Joint 120th Annual Cordilleran/74th Annual Rocky Mountain Section Meeting - 2024

Paper No. 21-7
Presentation Time: 10:20 AM

RECONSTRUCTING BURROWING BEHAVIOR IN THE MIO-PLIOCENE SQUIRRELS OF THE COLUMBIA BASIN


ORCUTT, John, Department of Biology, Gonzaga University, Spokane, WA 99258

The detailed fossil, climatic, and paleoenvironmental records of the Columbia Basin have long made it the focus of research on the causes and effects of the Cenozoic spread of grasslands. Among large mammals, these effects include an increase in cursoriality both in many ungulate lineages and in pursuit predators, but the impacts on small mammal locomotion were likely just as profound. Due to their wide range of lifestyles – from burrowing prairie dogs to gliding “flying” squirrels – sciurids offer an especially valuable opportunity to study the locomotor impacts of the transition to grasslands.
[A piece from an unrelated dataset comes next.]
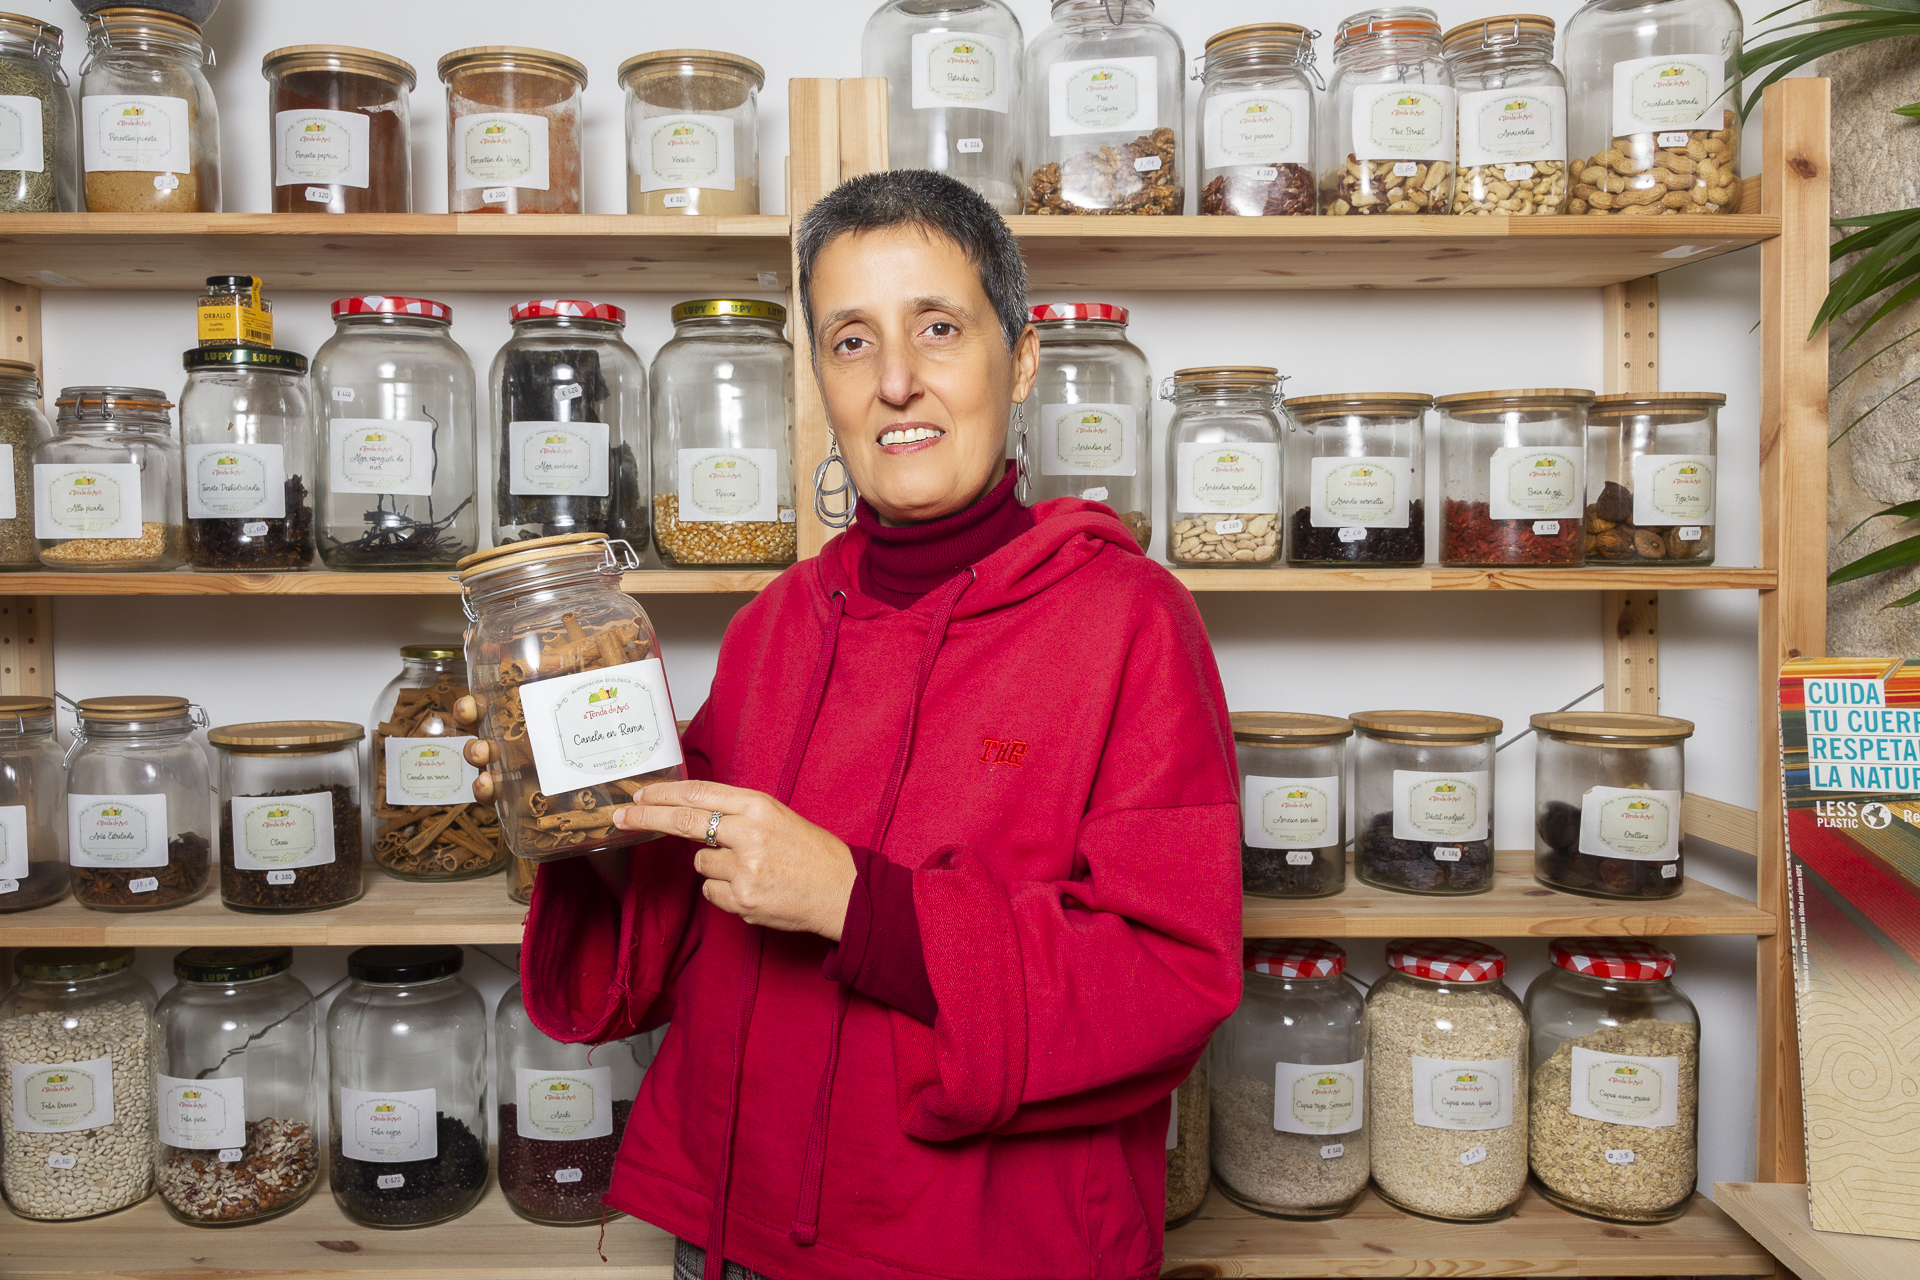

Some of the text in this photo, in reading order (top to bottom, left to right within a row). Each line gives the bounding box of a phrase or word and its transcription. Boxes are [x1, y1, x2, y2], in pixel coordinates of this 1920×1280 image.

Burrowing is recognized as an adaptation to open environments and identifying fossorial taxa in the fossil record could reveal a great deal about the tempo and mode of ground squirrel evolution. A data set consisting of modern taxa suggests that humeral morphology – specifically the robusticity of the humerus at mid-shaft and the presence of a small humeral head and enlarged deltopectoral crest – can be a reliable indicator of fossoriality. Here I apply these findings to the rich sciurid fossil record of the mid-Columbia Basin, and in particular to Otospermophilus mckayensis from the Hemphillian McKay Formation (Oregon) and Ammospermophilus hanfordi from the Blancan Ringold Formation (Washington). A principal components analysis suggests that these taxa were not only fossorial, but that their mode of burrowing was likely identical to that of extant ground squirrels. This result is unsurprising, given the young age of these squirrels and their close relationship to living species of Otospermophilus and Ammospermophilus. However, the record of squirrels in the Columbia Basin dates back to the Oligocene of the John Day Basin, and future analyses of sciurid postcrania in the region could shed light on the timing and drivers of the evolution of burrowing.